The spring of 1986 arrived late in Tokyo. Even in mid-March, a cold drizzle still fell at night, carried by the wind to slap against the windows of the Saionji Industries office in a fine, persistent patter.

Inside, the air hung heavy with the aroma of strong coffee and the faint, rich scent of Cuban cigars. Shuichi had recently adopted the habit of lighting one whenever he reviewed real-estate documents involving hundreds of millions of yen late into the night; the nicotine helped steady his nerves.

He sat behind the wide mahogany desk, gold-rimmed glasses perched on his nose, fountain pen hovering indecisively over the interior-decoration budget for the Akasaka Pink Building.

"Eight hundred thousand yen for a single imported Italian leather sofa…"

Shuichi muttered, brow furrowed. Though the Saionji family was no longer short of funds, the price still felt like outright robbery to a man raised in traditional restraint.

"Father, that sofa is for noble ladies to sit on while they wait for their beauty treatments," came Satsuki's voice from the sofa across the room. "If they are not comfortable, why would they willingly pay ten thousand yen for a manicure?"

Satsuki sat cross-legged, an all-English edition of The Wall Street Journal spread across her knees. She wore a loose grey sweatshirt, her long hair pinned back casually with a pencil. She looked more like a college student cramming for a thesis than the refined heiress she usually presented to the world.

Before her rested a black dedicated telephone line. The receiver lay off the hook on the coffee table, emitting a faint hiss of static—the direct transoceanic connection to Zurich and New York.

Shuichi shook his head helplessly and signed the budget sheet.

"Very well. Since you set the rules, we will follow them."

He set down the pen and glanced at the wall clock.

Tokyo time: 23:25.

New York time: 9:25 a.m.

Only five minutes remained until the Nasdaq opened.

"Is it Frank again tonight?" Shuichi asked, rising to stretch his stiff neck before settling on the sofa opposite his daughter.

"Yes." Satsuki kept her eyes on her wristwatch, watching the second hand tick forward. "I trust no one else with a sum this large."

"Twenty million dollars."

When Shuichi spoke the figure, his tone carried a complex weight. At current exchange rates that amounted to nearly four billion yen—enough in Tokyo to purchase two respectable office buildings or open ten first-class Ginza restaurants.

And now his twelve-year-old daughter intended to convert the entire fortune into shares of an American company he had never heard of before.

A company with no factories, no land, no machinery—only a handful of young men in jeans and glasses tinkering in a garage.

"Microsoft…"

Shuichi picked up the English-language prospectus from the coffee table. On the cover sat the company logo and a photograph of its founder: a baby-faced young man wearing large-framed glasses.

Bill Gates.

He looked exactly like the studious types Shuichi had seen at the University of Tokyo.

"Satsuki," he said, tapping the photograph, "are you truly prepared to wager four billion yen on this boy?"

"He is no boy, Father."

Satsuki did not look up; her gaze remained fixed on the telephone.

"He is a Tyrannosaurus Rex wearing sheep's clothing."

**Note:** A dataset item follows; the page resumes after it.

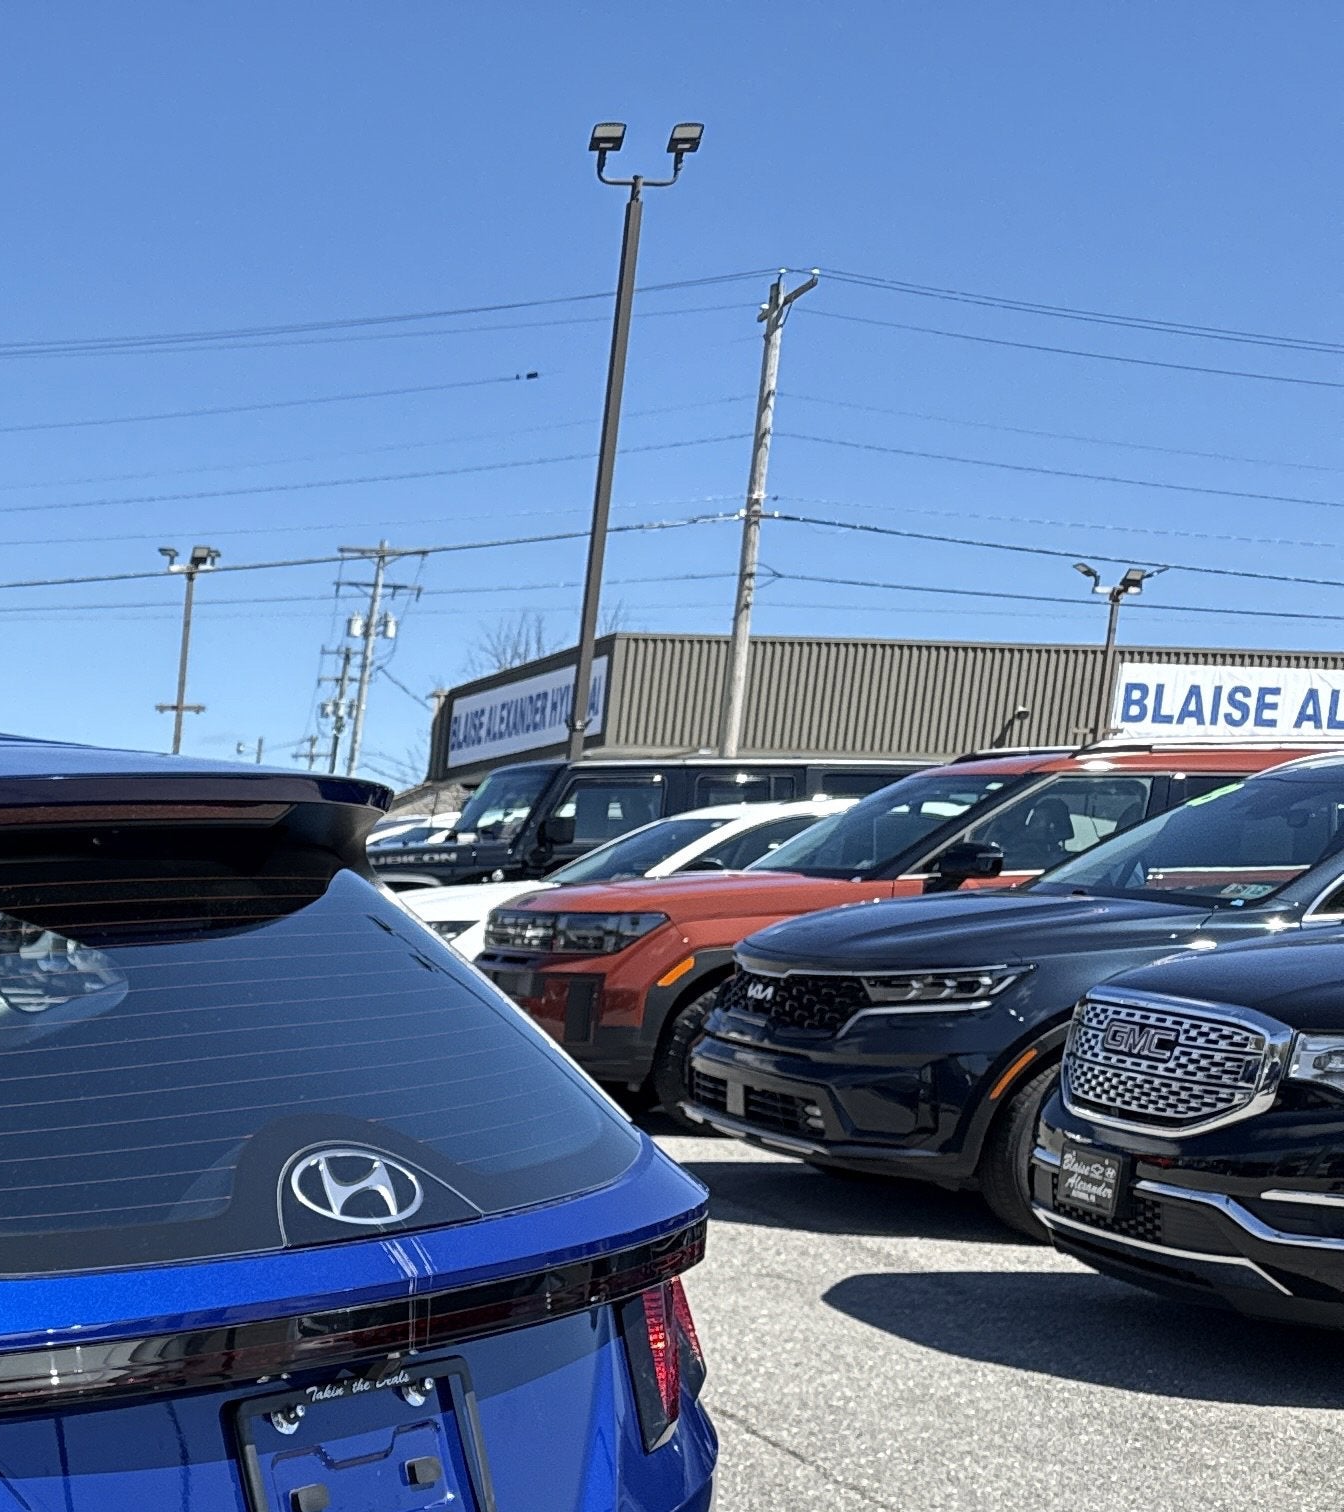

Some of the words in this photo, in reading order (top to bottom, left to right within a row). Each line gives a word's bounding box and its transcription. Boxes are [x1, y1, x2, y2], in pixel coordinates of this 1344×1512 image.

"As for what we are buying…" A faint, playful smile touched her lips. "It will be our ticket to the new world."

At that moment, noisy voices and the clang of bells sounded through the receiver—the unmistakable background din of the New York trading floor.

"Miss Saionji? Are you there?"

Frank's voice came through, tight with anxiety and barely contained excitement.

Satsuki lifted the receiver and switched on the speakerphone.

"I am here, Frank."

Her English flowed flawlessly, without the slightest accent, as calm as though she were a senior trader seated in a Wall Street office.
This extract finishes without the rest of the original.